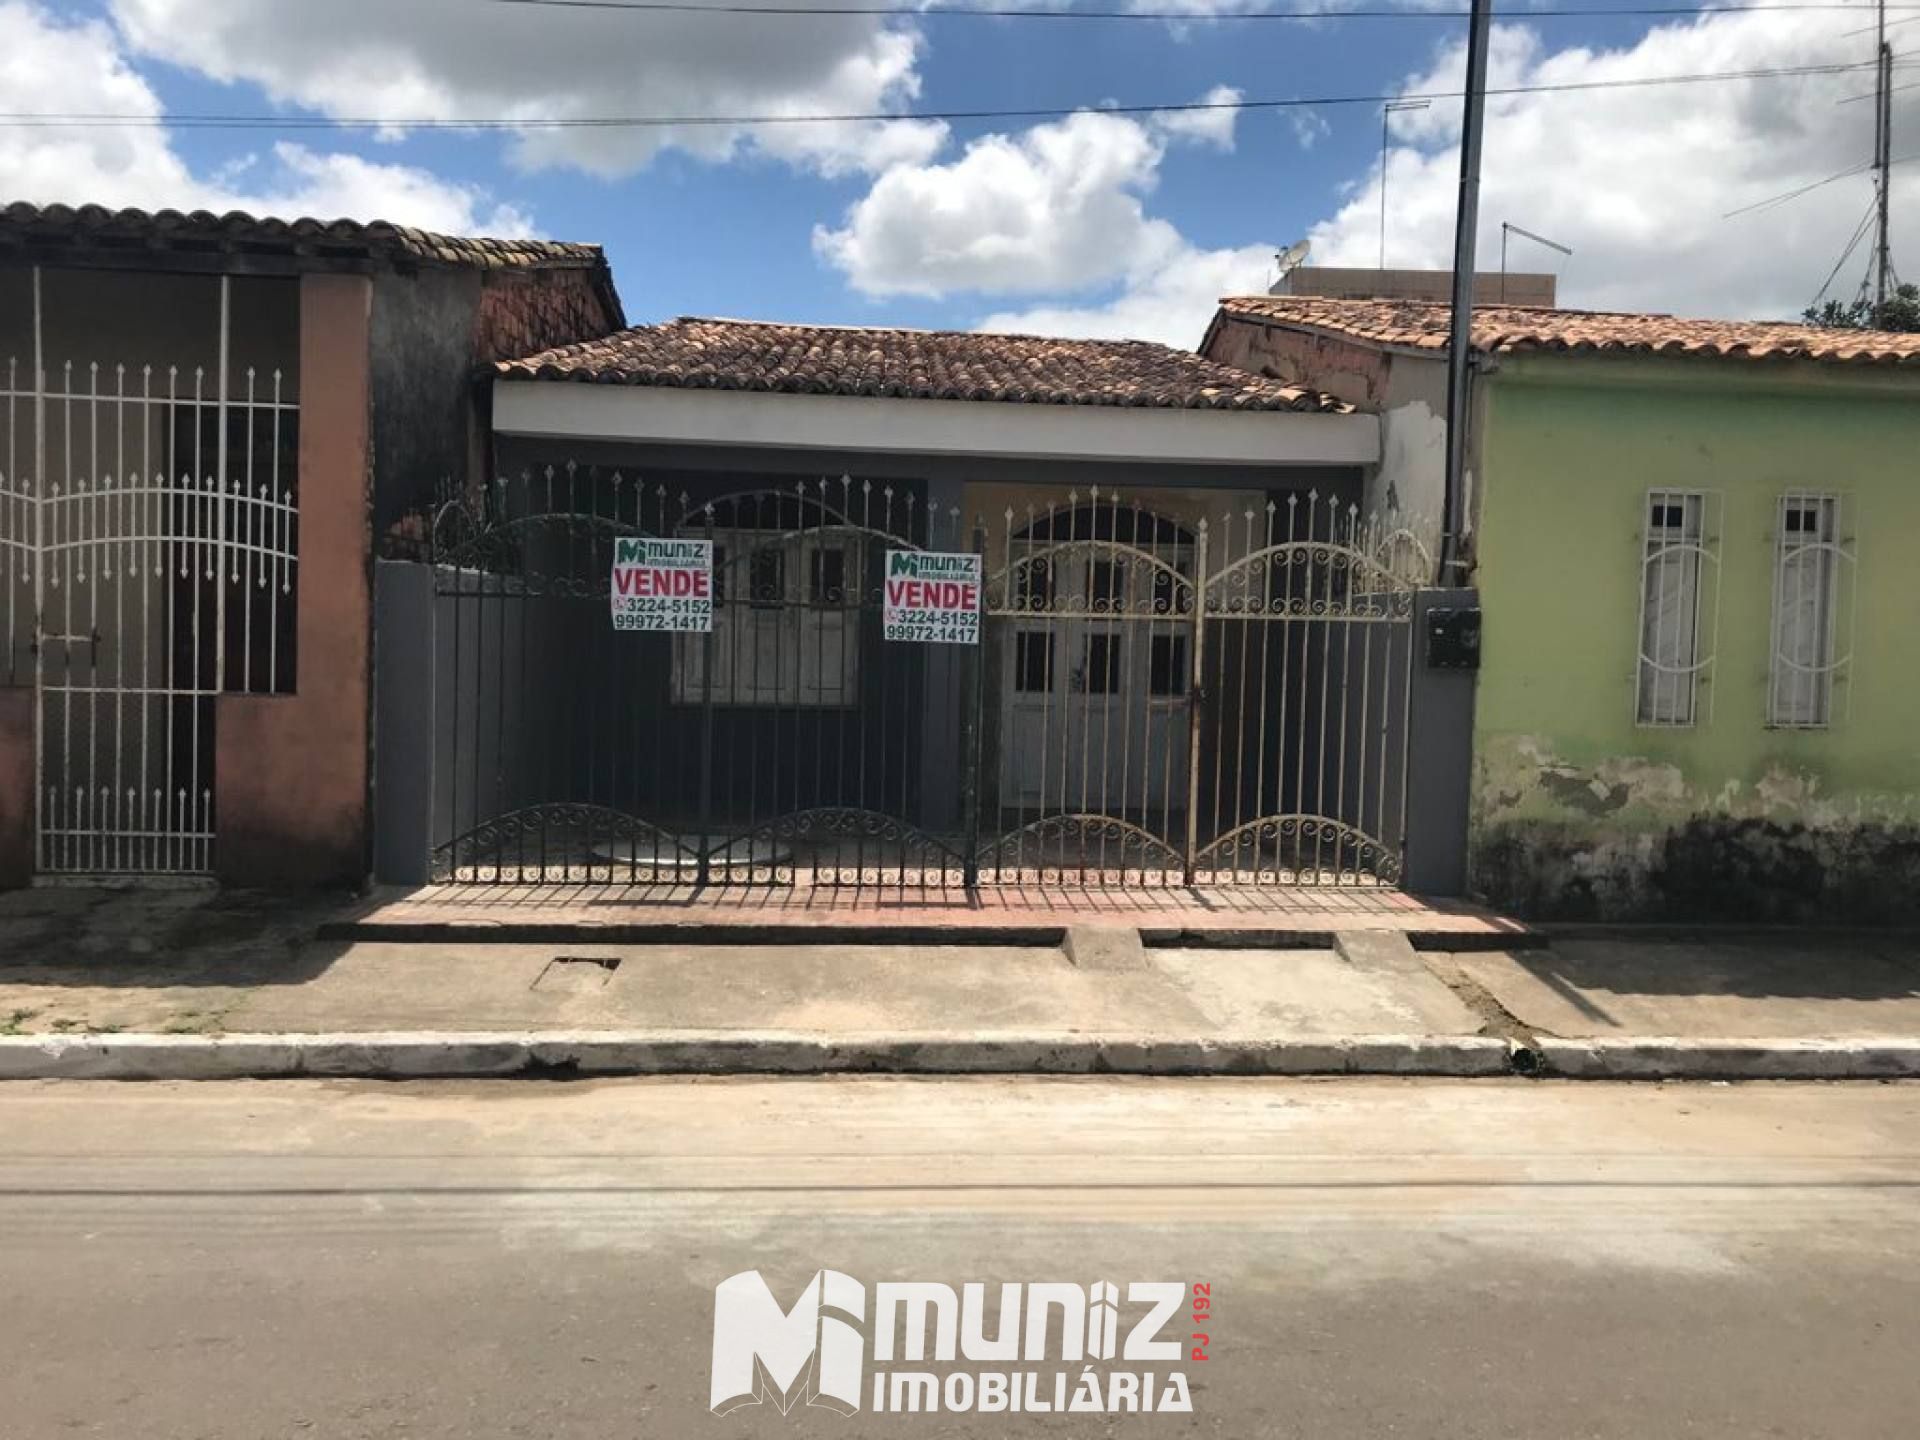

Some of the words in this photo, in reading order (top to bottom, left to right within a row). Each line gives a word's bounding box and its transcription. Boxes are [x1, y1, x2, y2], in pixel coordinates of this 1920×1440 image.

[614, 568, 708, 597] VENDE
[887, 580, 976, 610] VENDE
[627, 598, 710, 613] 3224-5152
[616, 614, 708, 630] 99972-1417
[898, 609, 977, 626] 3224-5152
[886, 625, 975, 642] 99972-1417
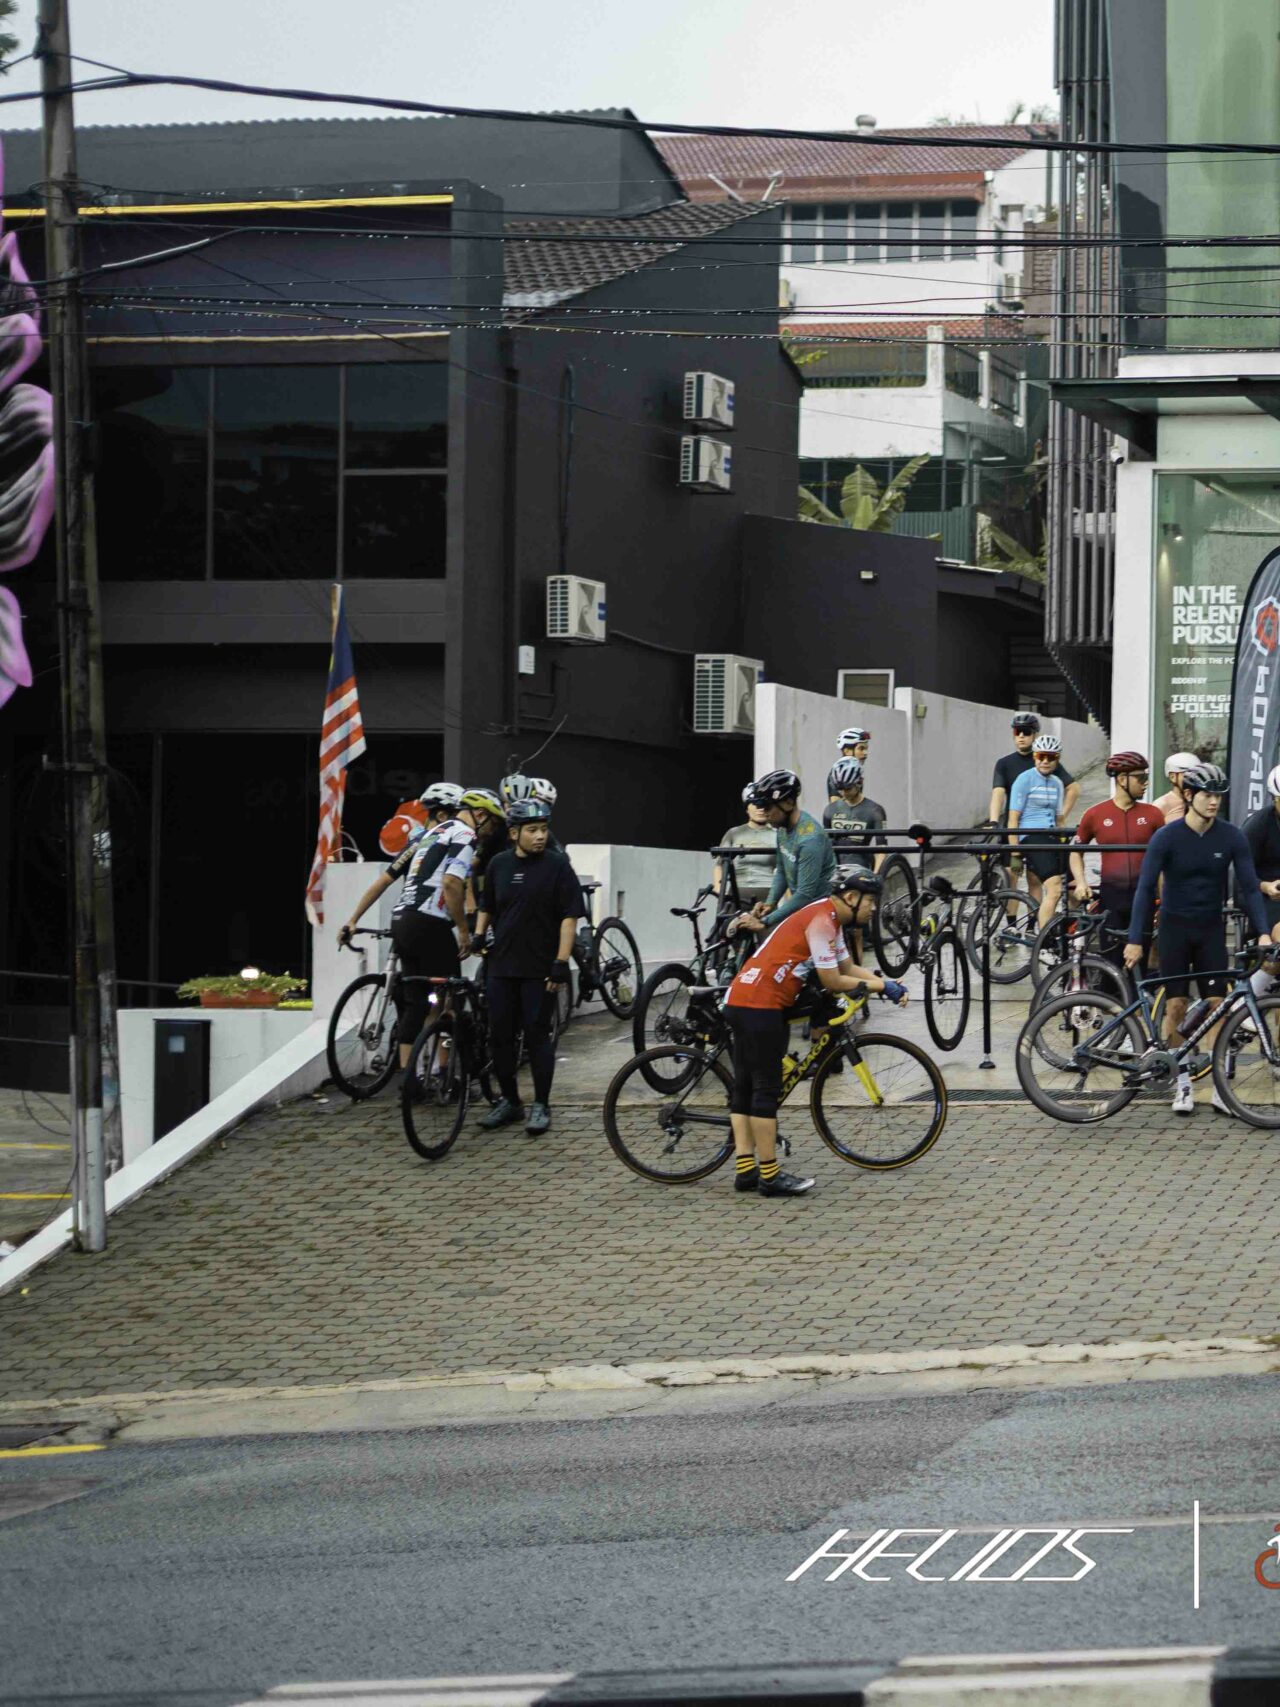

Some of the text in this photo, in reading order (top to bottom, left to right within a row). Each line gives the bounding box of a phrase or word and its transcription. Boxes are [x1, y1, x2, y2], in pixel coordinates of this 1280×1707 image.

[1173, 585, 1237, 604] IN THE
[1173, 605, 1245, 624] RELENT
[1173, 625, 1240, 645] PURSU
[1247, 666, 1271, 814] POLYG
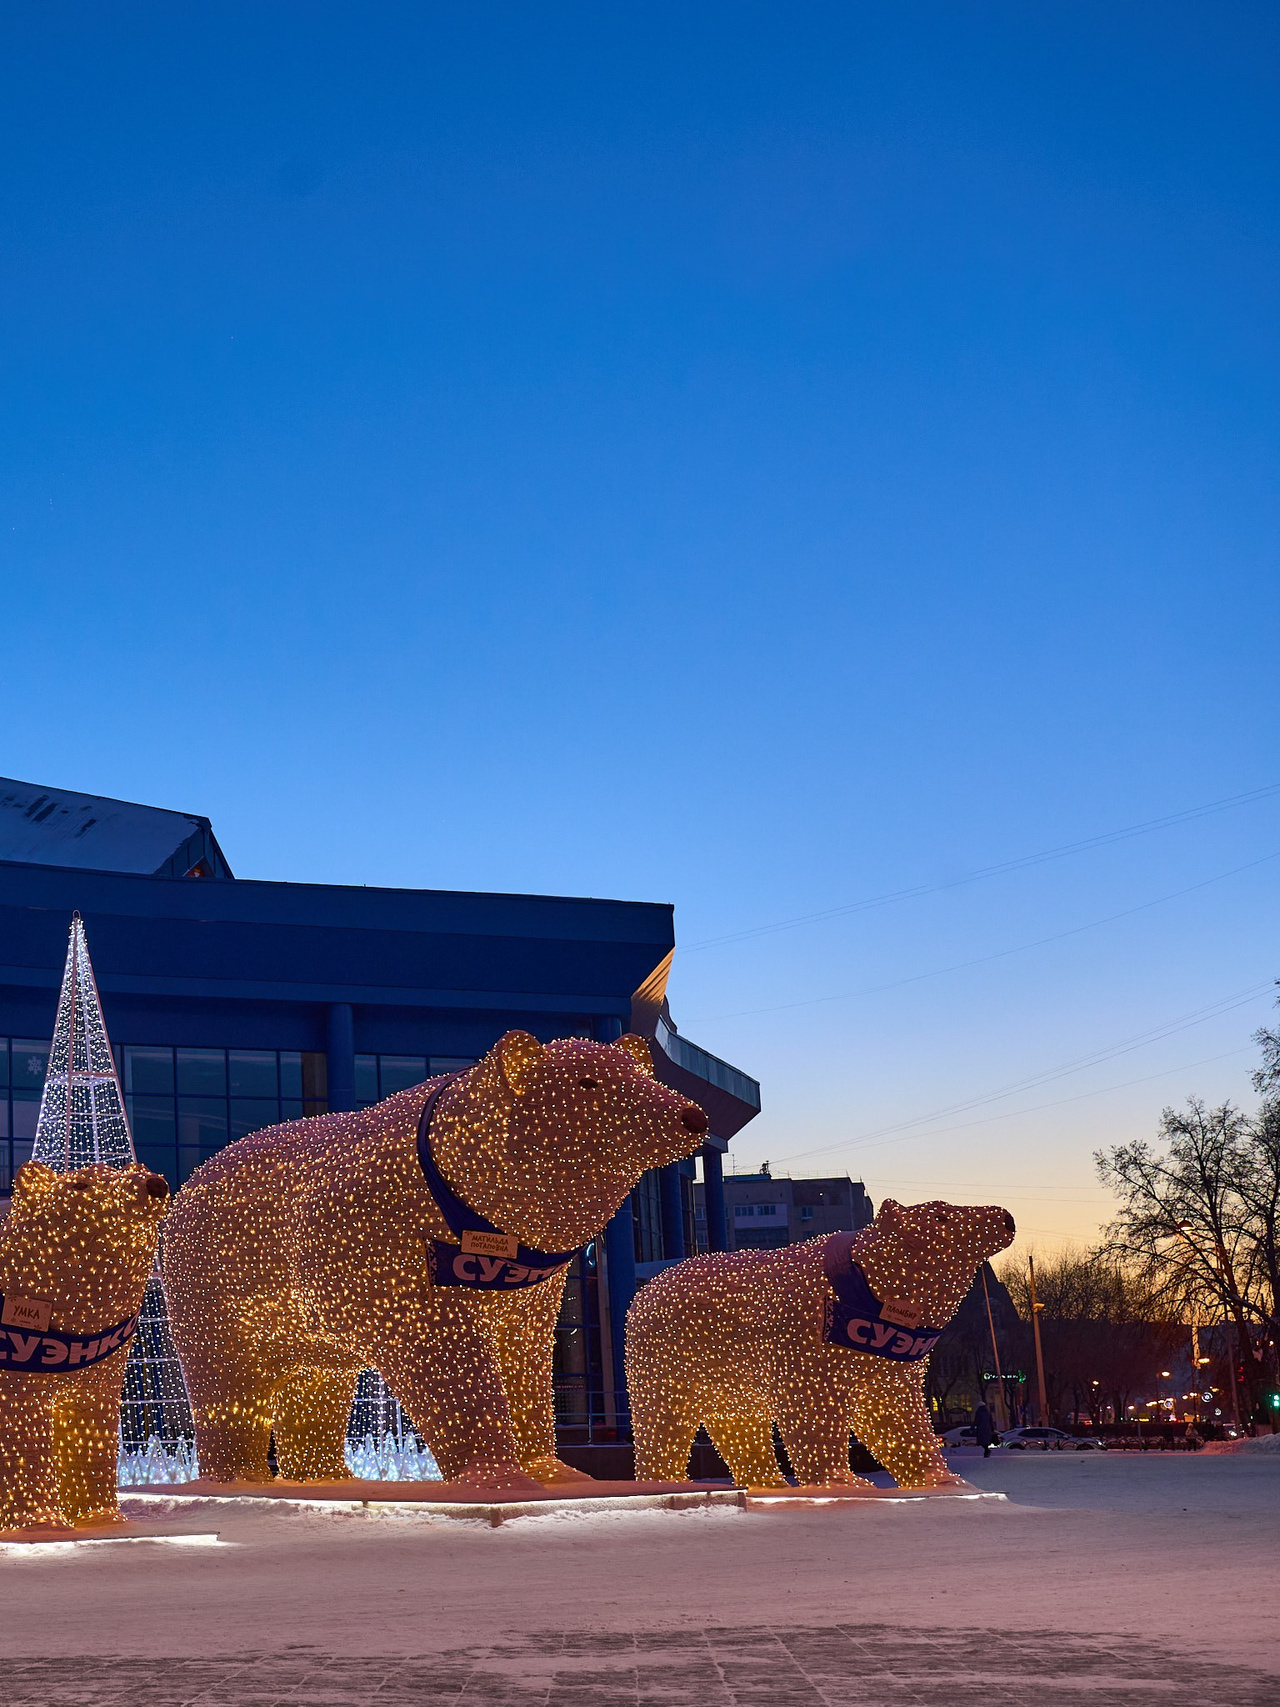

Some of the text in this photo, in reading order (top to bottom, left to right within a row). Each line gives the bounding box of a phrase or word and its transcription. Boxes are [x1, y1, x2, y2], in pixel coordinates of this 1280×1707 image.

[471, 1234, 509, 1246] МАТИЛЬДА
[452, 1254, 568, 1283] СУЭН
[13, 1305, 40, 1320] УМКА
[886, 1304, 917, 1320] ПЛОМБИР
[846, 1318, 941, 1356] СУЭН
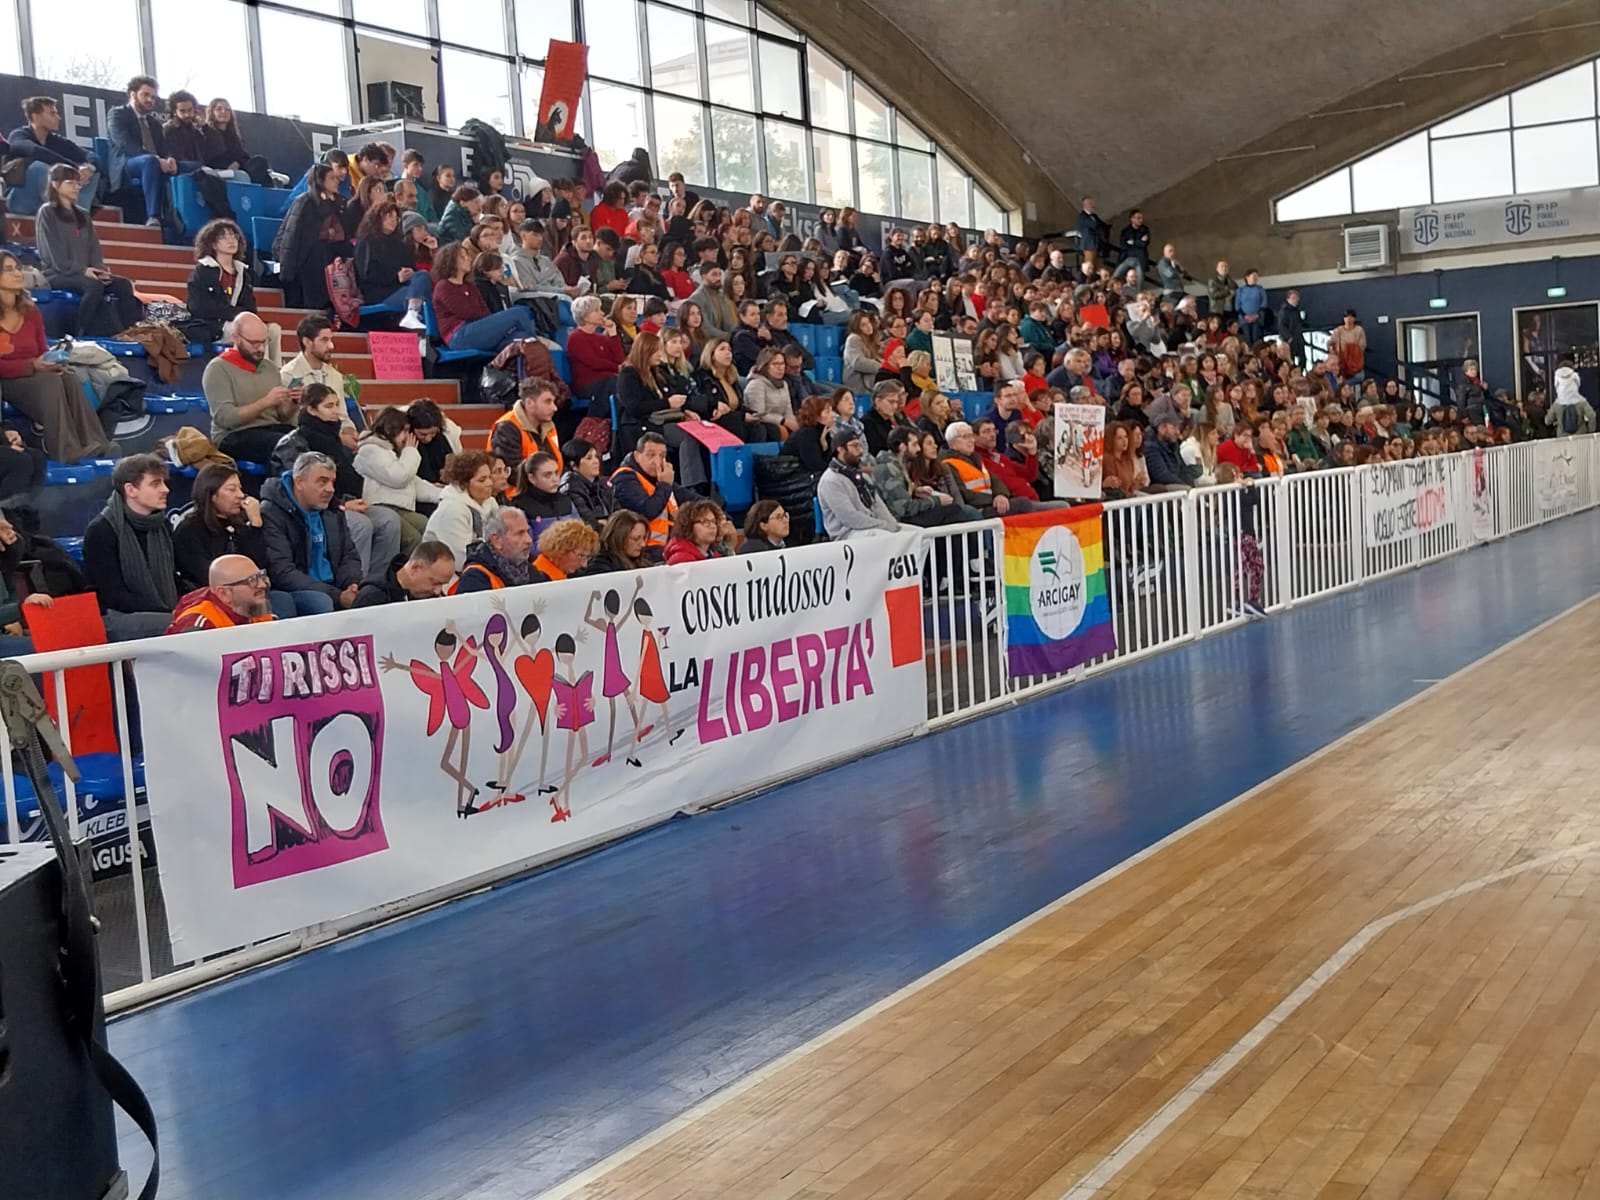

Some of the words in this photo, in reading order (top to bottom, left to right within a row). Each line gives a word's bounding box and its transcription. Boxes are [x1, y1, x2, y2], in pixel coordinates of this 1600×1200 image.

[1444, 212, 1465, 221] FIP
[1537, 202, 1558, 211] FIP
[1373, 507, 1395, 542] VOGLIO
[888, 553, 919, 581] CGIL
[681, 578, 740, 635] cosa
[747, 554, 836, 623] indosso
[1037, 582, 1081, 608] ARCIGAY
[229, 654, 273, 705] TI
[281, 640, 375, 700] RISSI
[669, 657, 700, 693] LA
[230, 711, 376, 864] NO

### Exercise goal
Print all of the data exactly, and do not carry over any pictures.

### Reply
Some of the words in this photo, in reading order (top to bottom, left to right within a row). Each line gives a word's bounding box and its transcription. Boxes are [x1, y1, x2, y2], in pixel coordinates of this 1920×1440 image.

[614, 568, 708, 597] VENDE
[887, 580, 976, 610] VENDE
[627, 598, 710, 613] 3224-5152
[616, 614, 708, 630] 99972-1417
[898, 609, 977, 626] 3224-5152
[886, 625, 975, 642] 99972-1417

Some of the text in this photo, in reading order (top to bottom, left to right within a row). Each line gives the bounding box of a phrase or word and its transcription. Boxes are [x1, y1, x2, y2], in pixel coordinates of this 1280×1707 image.

[1173, 585, 1237, 604] IN THE
[1173, 605, 1245, 624] RELENT
[1173, 625, 1240, 645] PURSU
[1247, 666, 1271, 814] POLYG

Some of the text in this photo, in reading order (top to bottom, left to right within a row). Each line gives the bounding box of a phrase or word and its transcription. Boxes are [x1, y1, x2, y2], in pixel coordinates of this 1280×1707 image.

[471, 1234, 509, 1246] МАТИЛЬДА
[452, 1254, 568, 1283] СУЭН
[13, 1305, 40, 1320] УМКА
[886, 1304, 917, 1320] ПЛОМБИР
[846, 1318, 941, 1356] СУЭН

Some of the words in this photo, in reading order (top to bottom, left to right within a row). Each line gives a word's bounding box and its transcription. Boxes are [x1, y1, x2, y2], in pixel coordinates of this 1600×1200 image.

[1444, 212, 1465, 221] FIP
[1537, 202, 1558, 211] FIP
[1373, 507, 1395, 542] VOGLIO
[888, 553, 919, 581] CGIL
[681, 578, 740, 635] cosa
[747, 554, 836, 623] indosso
[1037, 582, 1081, 608] ARCIGAY
[229, 654, 273, 705] TI
[281, 640, 375, 700] RISSI
[669, 657, 700, 693] LA
[230, 711, 376, 864] NO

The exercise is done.